USA TODAY journalists are experiencing something that I first began describing roughly two years ago.  When a writer pens uncomfortable words about the military, the writer invites systematic defamation.  This dispatch reveals fact-patterns and information that can reveal the tell-tale fingerprints of the propaganda machine.

USA TODAY reported last week:

"Misinformation campaign targets USA TODAY reporter, editor"

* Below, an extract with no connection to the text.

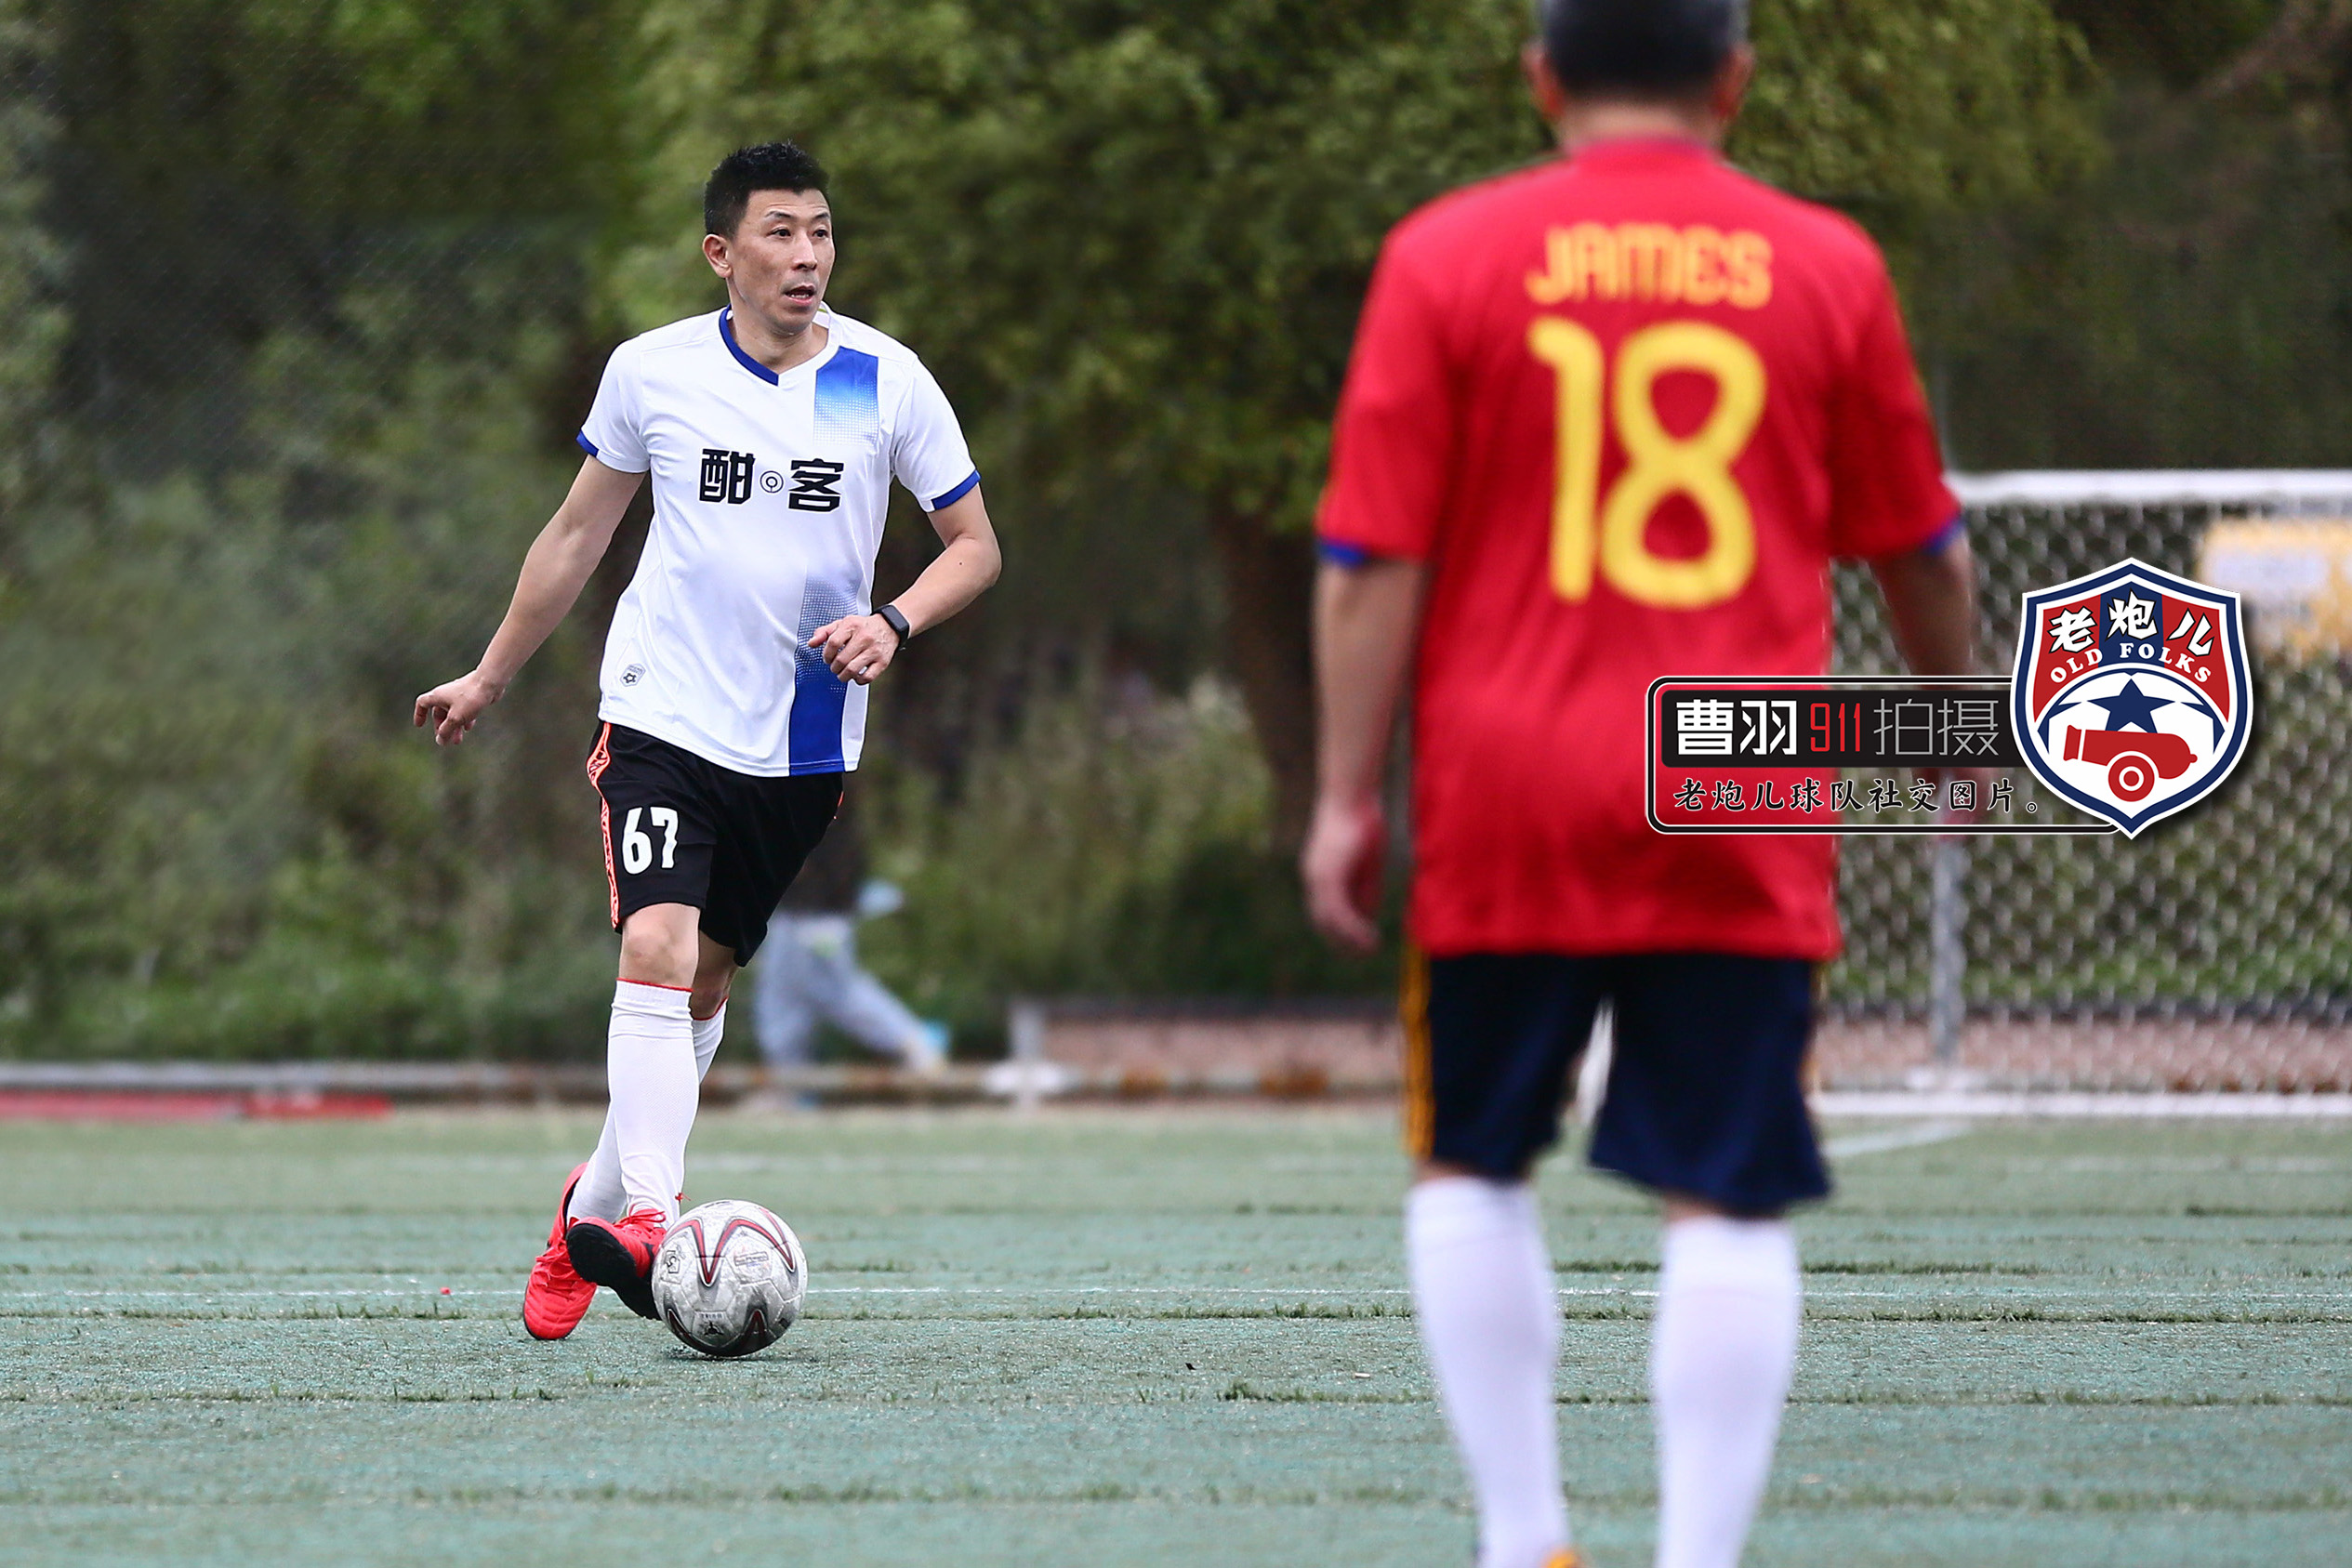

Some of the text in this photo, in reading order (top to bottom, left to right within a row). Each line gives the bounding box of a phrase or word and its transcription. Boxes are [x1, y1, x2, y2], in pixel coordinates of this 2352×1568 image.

WASHINGTON – A USA TODAY reporter and editor investigating Pentagon propaganda contractors have themselves been subjected to a propaganda campaign of sorts, waged on the Internet through a series of bogus websites.

Fake Twitter and Facebook accounts have been created in their names, along with a Wikipedia entry and dozens of message board postings and blog comments. Websites were registered in their names.

The timeline of the activity tracks USA TODAY's reporting on the military's "information operations" program, which spent hundreds of millions of dollars on marketing campaigns in Iraq and Afghanistan — campaigns that have been criticized even within the Pentagon as ineffective and poorly monitored.

This also happened to me.  After I wrote that two Generals should be sacked, certain milblogs began a military-sponsored attack against me. They alleged that I had PTSD and that I had been dis-embedded from US, UK and Canadian forces for security violations.  They also claimed that my own service record was tattered.  None of it was true.  My time in the military was honorable, and in the wars as a writer, I had not embedded with Canadian forces, nor was I ever dis-embedded from other militaries for OPSEC violations.

I have been dis-embedded for writing things that they did not like.  Generals often are sacked for doing or saying things that people do not like.  McChrystal, for instance.  The list is very long.

image003Milblogger Jim Hanson (“Uncle Jimbo”) of Blackfive, calls this his “backyard office.” Music, laptop, drinking and blogging. In this image, it appears that Jimbo is making a self-portrait by remote control. Jimbo never saw a day of combat, and he admits that he has never been to Iraq or Afghanistan.

Milbloggers such as Jim Hanson at Blackfive wrote that I was kicked out of Afghanistan and Iraq.  Untrue.  Of the approximately 65 countries that I have traveled in, only Burma ever denied me a visa.  The bedroom and backyard milbloggers do not grasp that the US military has no control over travel to Iraq, Afghanistan, or to Canada.  All are sovereign countries that control their own immigration and borders.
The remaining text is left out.